With that being said, let’s dive into the key aspects of this 1-4 start:
- Clint Capela’s start to the season has been anything but ideal. After signing the 5 year, $80 million extension in the offseason, Capela hasn’t looked like the rim-running, shot-blocking big man the Rockets need. On the surface, Capela’s numbers seem pretty impressive. After all, he is averaging nearly 15 points, 10.8 rebounds and 1.6 blocks per game. However, the 24-year-old big man is grabbing less rebounds and blocking less shots despite playing more (career-high 33 minutes per game). The Rockets rank just 29th in the league in rebound percentage, including 24th in the league in defensive rebounding percentage. Last season, a key to the Rockets’ defensive improvement was their defensive rebounding, as they ranked fourth in the league. The more concerning development is the team’s inability to stop opponents from getting to the rim and finishing, as the Rockets have given up 42.3 percent of their opponent’s shots at the rim, which ranks 29th in the league. Players don’t appear to be afraid of challenging Capela, and so far they are succeeding, as teams are finishing at a 71.5% clip at the rim, good for 29th in the league. We’ve seen countless examples of Capela not defending the rim like he did last season, whether it be mis-timing a block attempt or getting physically outmatched around the rim. We haven’t even discussed Capela’s offensive impact, where his efficiency has taken a hit and he is turning the ball over more (two per game, to be exact). Perhaps Capela will simply work his way back into the groove he was in last season, and he will surely benefit from the team getting healthy in the near future. It also goes to show that despite the limitations that both Nene and Marquese Chriss bring to the table, they could be valuable depth pieces at center.
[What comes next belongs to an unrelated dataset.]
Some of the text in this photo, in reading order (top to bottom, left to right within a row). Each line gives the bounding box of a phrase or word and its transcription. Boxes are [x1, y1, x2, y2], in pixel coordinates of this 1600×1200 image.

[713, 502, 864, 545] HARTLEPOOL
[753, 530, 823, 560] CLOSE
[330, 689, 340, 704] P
- Obviously the defense has been an issue. The switching has lacked effort and vigor, two key ingredients to make the scheme work. Even when he tries, Carmelo Anthony will be a liability that teams focus on. The Jazz got Anthony on Donovan Mitchell time and time again and he regularly torched him and got to the rim. Before getting injured, Harden was ball-watching A LOT and not getting back in transition. As already mentioned, Capela’s rim-protection has been lacking and the team isn’t finishing defensive possessions with a rebound. The Rockets need James Ennis to get healthy, Harden to be more engaged and Capela to snap out of his funk (if it is just that). Besides that, there aren’t many paths to improvement on the defensive end barring a roster change (Hi Jimmy Butler!). The team simply needs more effort and full health to even get back to league average, which might be considered a win for this season. One random thought: Maybe the Rockets should explore switching on the perimeter but not with their bigs? D’Antoni did express some thought to changing their scheme and this may prevent teams from getting those clear advantages in the post against the Rockets’ guards.
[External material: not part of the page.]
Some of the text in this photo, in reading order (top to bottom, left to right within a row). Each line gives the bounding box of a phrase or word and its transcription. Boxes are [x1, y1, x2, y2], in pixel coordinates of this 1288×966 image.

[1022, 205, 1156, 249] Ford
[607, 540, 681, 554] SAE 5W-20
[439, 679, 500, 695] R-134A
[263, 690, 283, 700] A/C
- Beyond the obvious defensive issues, the Rockets simply aren’t getting what they have come to expect from Eric Gordon. Gordon is going through a slump at the wrong time with Paul missing two games due to suspension and Harden going down. So far, Gordon has hit just 23.1% of his 3-pointers and has a true shooting percentage of 42.4%. Of course, we all expect Gordon to snap out of this slump and hit seven 3-pointers in an upcoming game, but it’s not only his 3-point shooting that is suffering. After shooting 66.1 percent from within three feet of the rim last season, Gordon is down to 48 percent so far this season. Until Gordon breaks out of the slump, the Rockets’ offense will continue to suffer without Harden.
- Remember when the team was praising Michael Carter-Williams during the preseason and fans slowly started buying in on him being part of the rotation? Yea, that seems like a long time ago. Carter-Williams has been nothing short of a disaster to start the season, posting a true shooting percentage of just 41% and killing the offense when on the floor due to his poor decision-making and lack of shooting. Yes, it is a small sample size of just 70 minutes for him so far (not counting garbage time), but the defense has been 11.1 points per 100 possessions worse and the offense has been 10.5 points per 100 possessions worse when he’s been on the floor. Yikes.
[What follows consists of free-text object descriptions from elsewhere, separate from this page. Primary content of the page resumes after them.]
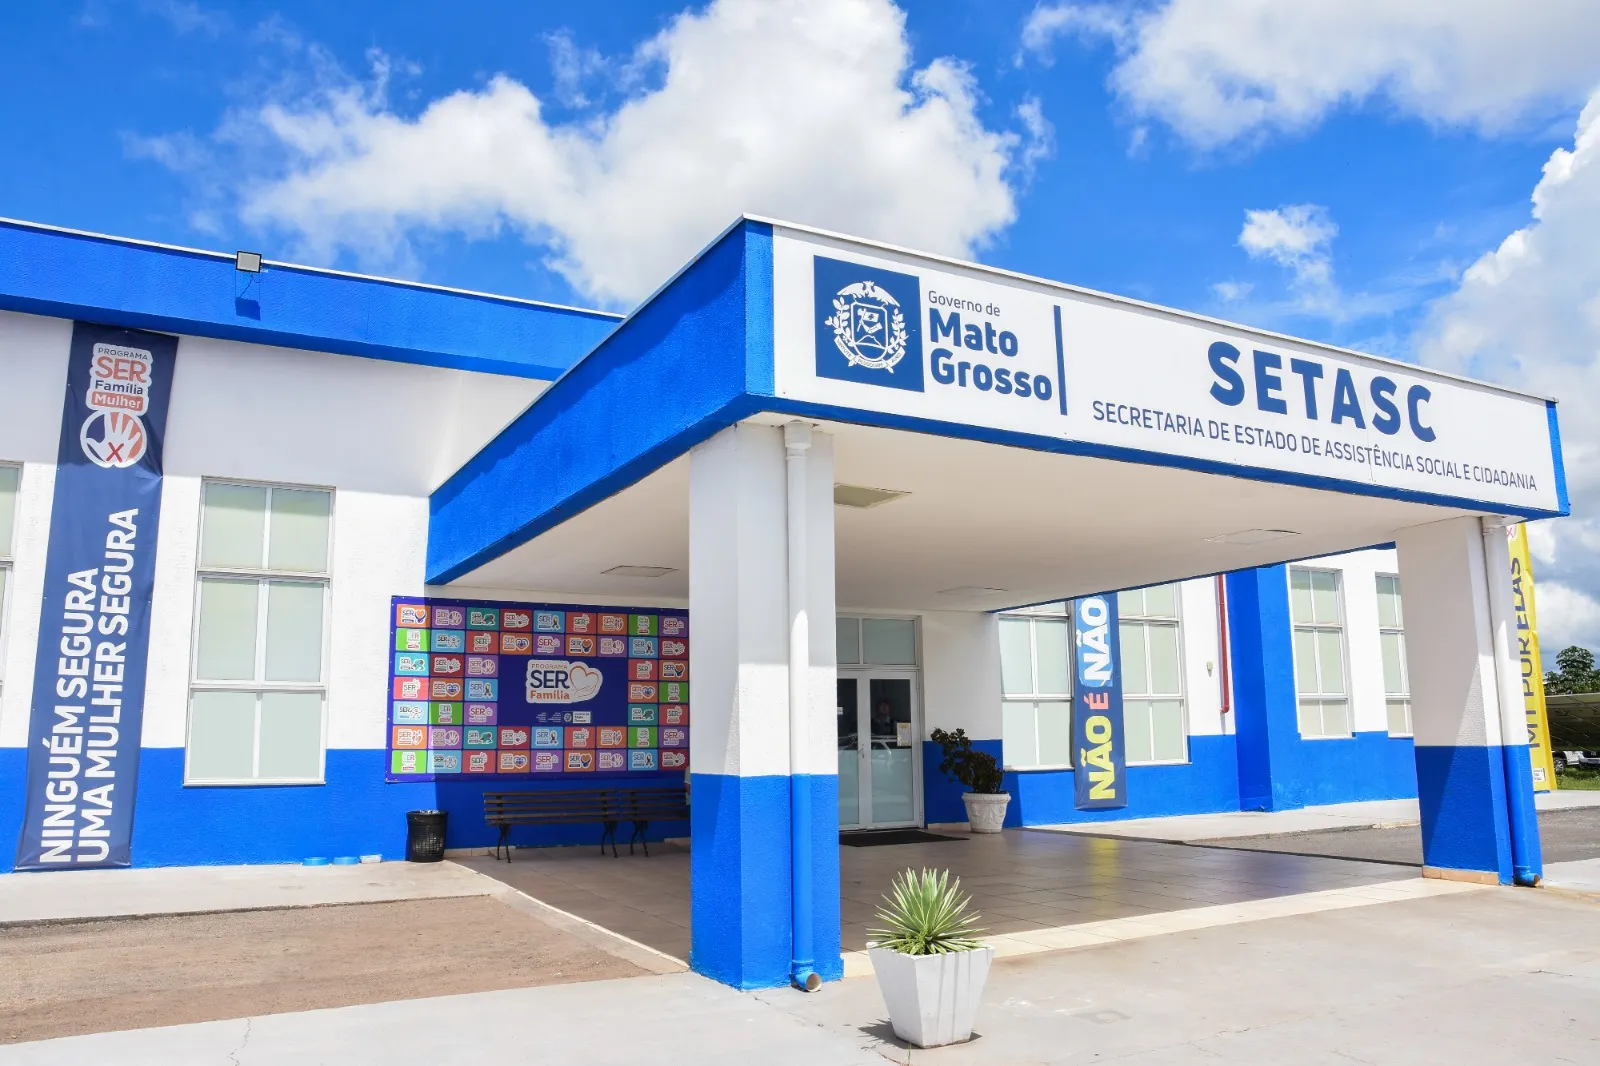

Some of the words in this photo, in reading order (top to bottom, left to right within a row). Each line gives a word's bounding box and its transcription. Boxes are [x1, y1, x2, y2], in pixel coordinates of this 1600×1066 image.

[928, 290, 983, 313] Governo
[985, 302, 1001, 317] de
[97, 347, 149, 361] PROGRAMA
[929, 307, 1019, 357] Mato
[95, 355, 147, 383] SER
[95, 379, 144, 395] Família
[930, 347, 1053, 401] Grosso
[1207, 341, 1437, 443] SETASC
[94, 393, 142, 409] Mulher
[1092, 400, 1206, 438] SECRETARIA
[1208, 419, 1231, 442] DE
[1234, 424, 1297, 452] ESTADO
[1301, 435, 1322, 456] DE
[1325, 439, 1414, 472] ASSISTÊNCIA
[1416, 455, 1462, 480] SOCIAL
[1463, 463, 1472, 480] E
[1473, 466, 1538, 492] CIDADANIA
[98, 508, 139, 636] SEGURA
[56, 567, 99, 699] SEGURA
[1076, 598, 1111, 682] NÃO
[530, 669, 570, 689] SER
[530, 690, 570, 700] Família
[1083, 692, 1109, 710] É
[85, 641, 127, 779] MULHER
[40, 705, 85, 863] NINGUÉM
[1080, 715, 1116, 800] NÃO
[77, 784, 115, 863] UMA
- My final thought isn’t specifically tied to the first five games of the season, though this small sample size has sounded the Jimmy Butler alarms more than most anticipated. Reports indicate that the Timberwolves require Eric Gordon in any potential deal and if that’s the case, you have to move on from him (and some first round picks) to get Butler. Gordon has been a great piece for the Rockets in recent years, but he is nowhere near the player that Butler is on both ends of the floor. Butler is a surefire top 15 player (probably closer to the top ten for most people) that is an All-NBA caliber defender and capable isolation scorer. You can find other players to provide scoring off the bench, but you can’t find other Jimmy Butlers to add to the roster for cheap. This team is all in, and Butler raises the team’s contender ceiling more than Gordon ever could.